Ulcerative colitis (UC) patients carry a 2.5-fold increased risk of colorectal cancer (CRC), yet the shared multi-scale genetic architecture remains poorly understood. We constructed an integrative framework across tissue, cellular, and variant levels to systematically dissect the pathogenic evolution of this comorbidity across spatiotemporal dimensions.

Methods

We integrated GWAS data from 100,204 CRC cases and 12,160 UC patients with tissue-specific MAGMA enrichment, embryonic spatial mapping (gsMap), and multidimensional single-cell prioritization (ECLIPSER, CELLECT, scDRS). We further resolved cell-specific co-expression patterns using hdWGCNA and identified high-confidence causal variants and genes through Bayesian fine-mapping (eCAVIAR, fastenloc) and Open4Gene analysis.

Results

Genetic susceptibility for both diseases was significantly enriched in the terminal ileum and transverse colon, anchored to E16.5 embryonic gut programs.
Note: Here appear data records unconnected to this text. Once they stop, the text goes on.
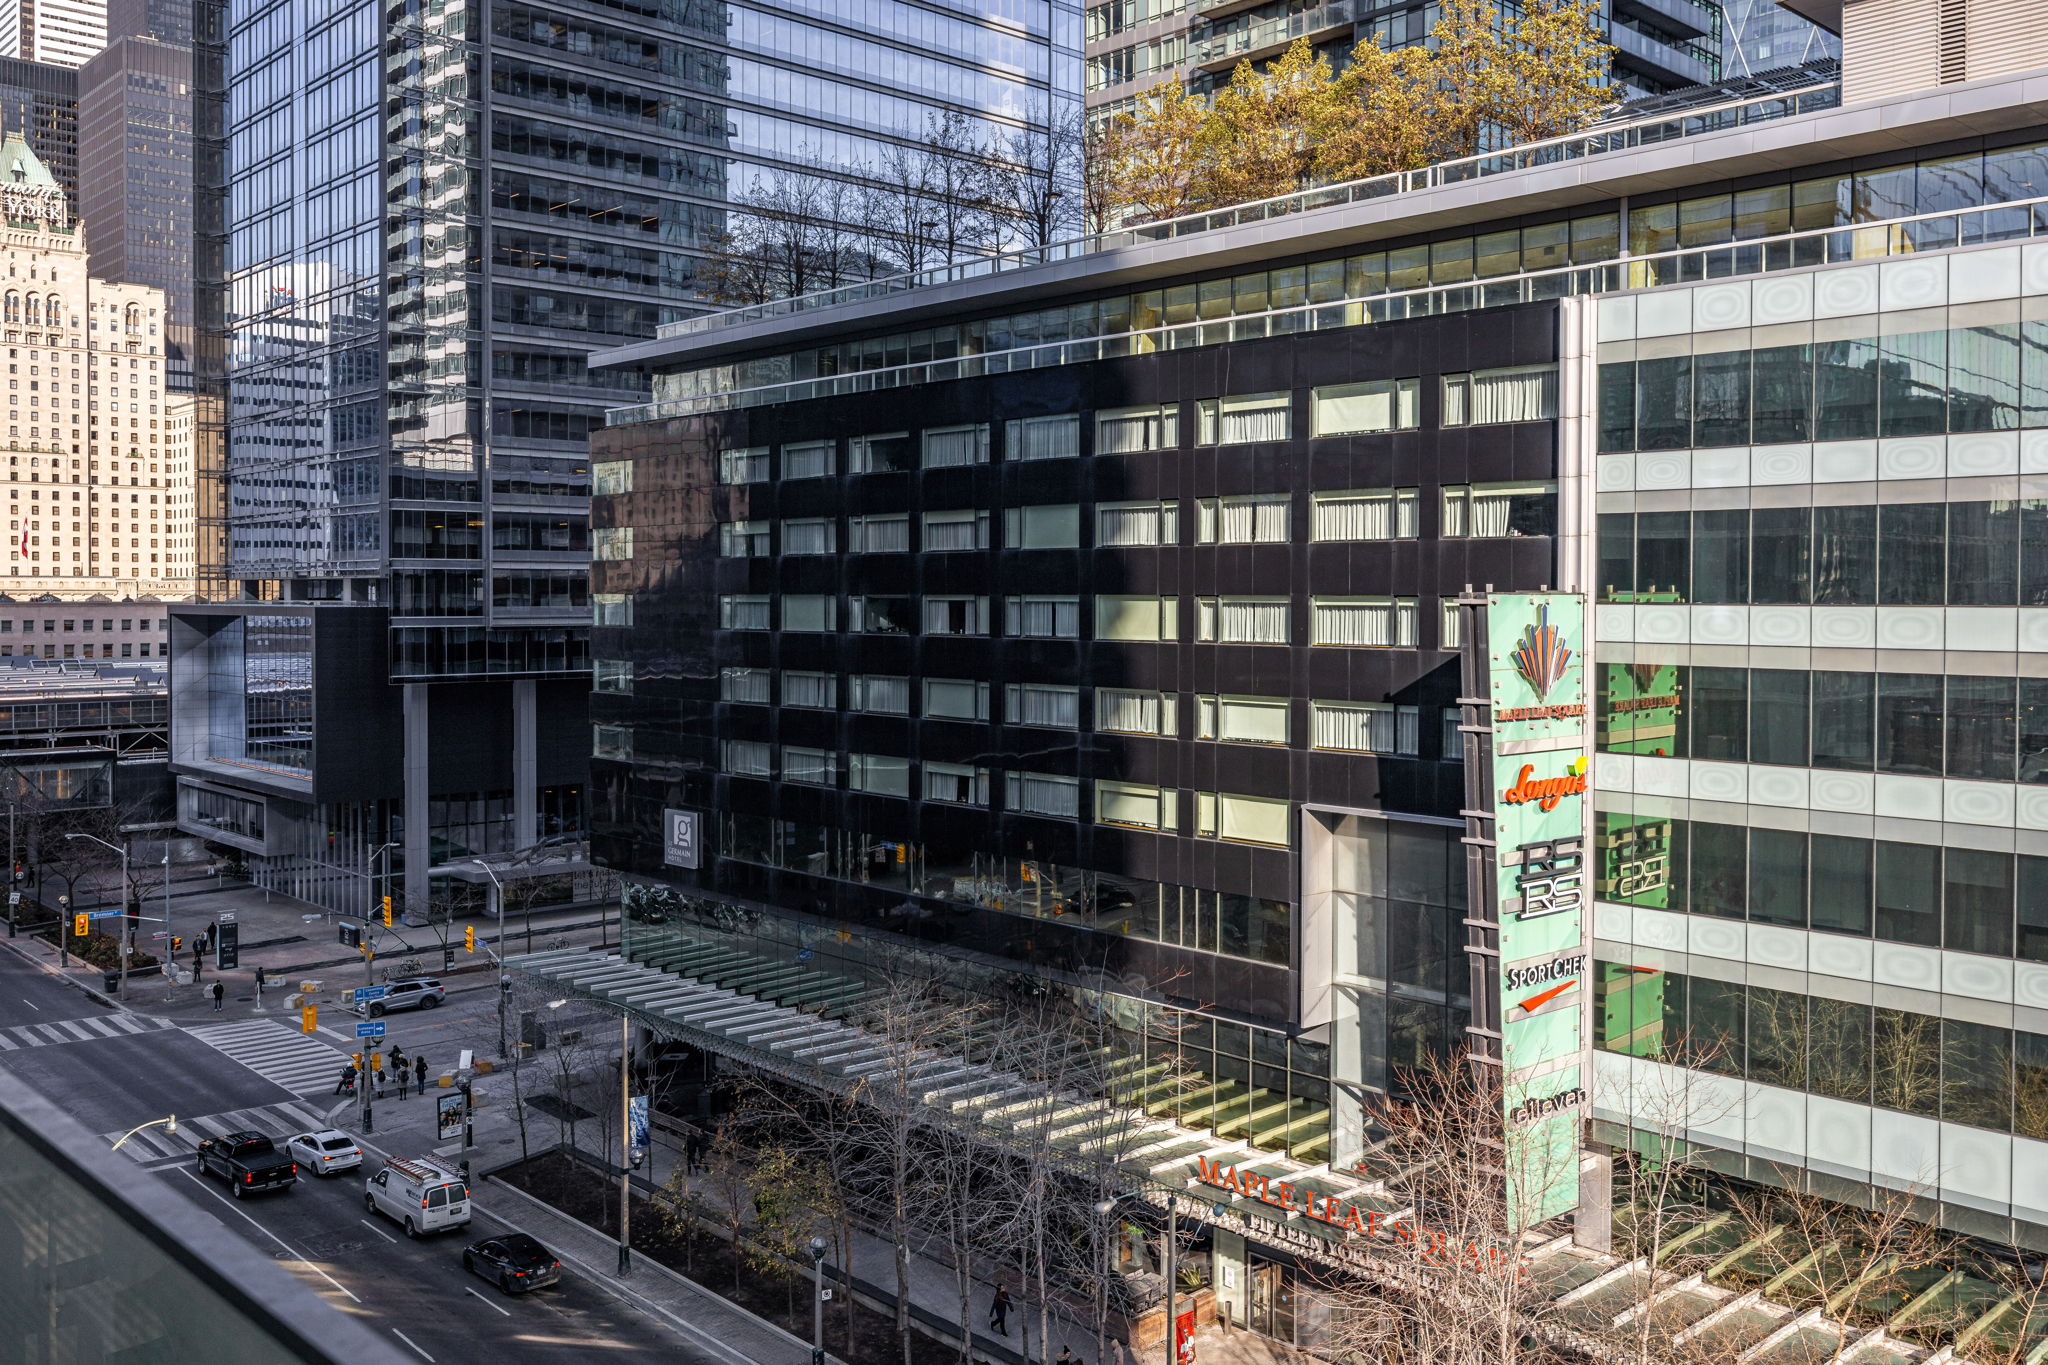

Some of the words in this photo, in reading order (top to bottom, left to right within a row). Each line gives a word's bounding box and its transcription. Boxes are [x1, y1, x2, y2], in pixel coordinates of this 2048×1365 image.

[8, 199, 63, 219] YORK
[1498, 707, 1530, 721] MAPLE
[1531, 705, 1554, 719] LEAF
[668, 848, 692, 858] GERMAIN
[1519, 836, 1584, 881] RS
[1519, 873, 1584, 919] RS
[220, 912, 235, 921] 25
[1196, 1154, 1297, 1212] MAPLE
[1304, 1189, 1387, 1237] LEAF
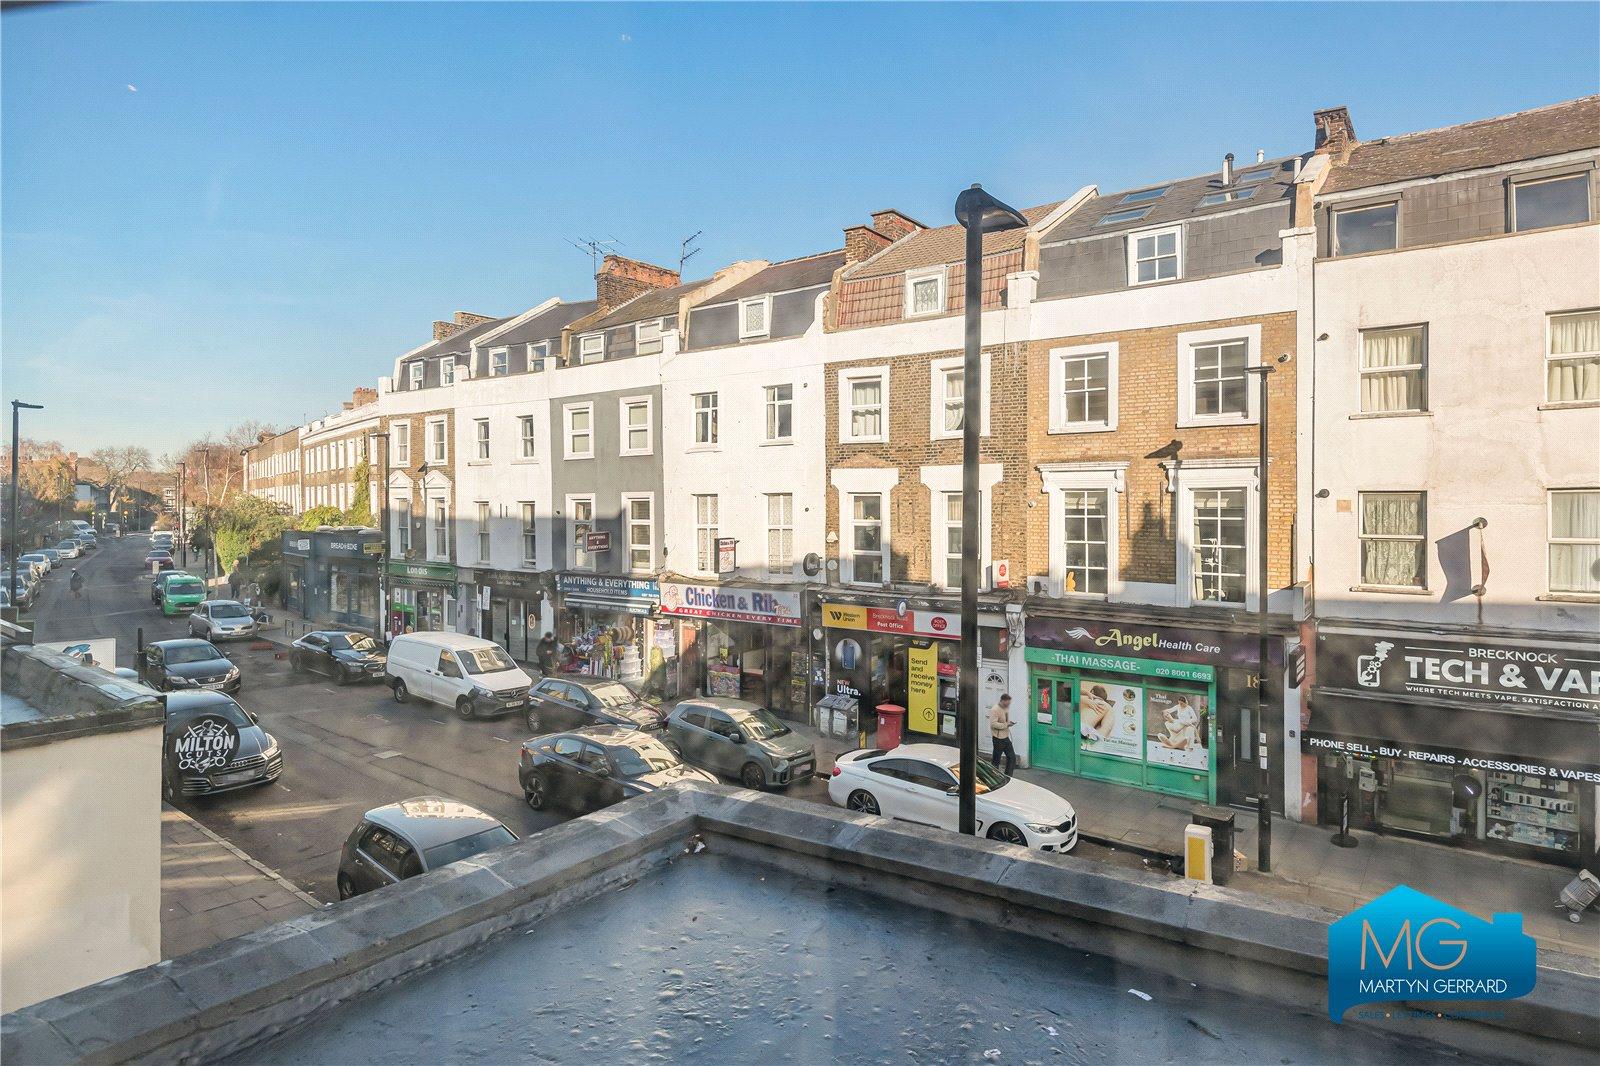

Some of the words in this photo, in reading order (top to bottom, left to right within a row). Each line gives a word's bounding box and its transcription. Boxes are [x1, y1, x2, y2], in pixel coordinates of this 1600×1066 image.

CD4 + T cells emerged as the core immune hub in UC, exhibiting profound immunometabolic polarization (Th17/IL-17 axis and Warburg effect), while progenitors were identified as the primary cellular origin for CRC malignancy. Pathological progression was characterized by a transition from chronic inflammatory stress toward p53-mediated genomic instability, epithelial-mesenchymal transition (EMT), and vascular remodeling. We prioritized Tier 1 candidate genes—ARPC5, PTGER4, CIB1, PREX1, and S100A10—as key mediators of the comorbidity association between inflammation and cancer.

Conclusions

These findings partially support a “genetic programming-microenvironment triggering” hypothesis, where regional vulnerabilities established by embryonic developmental programs are activated by postnatal insults, though its broad applicability warrants caution. This study provides a comprehensive multi-scale molecular framework for understanding UC-CRC comorbidity, offering potential targets for risk stratification and therapeutic intervention.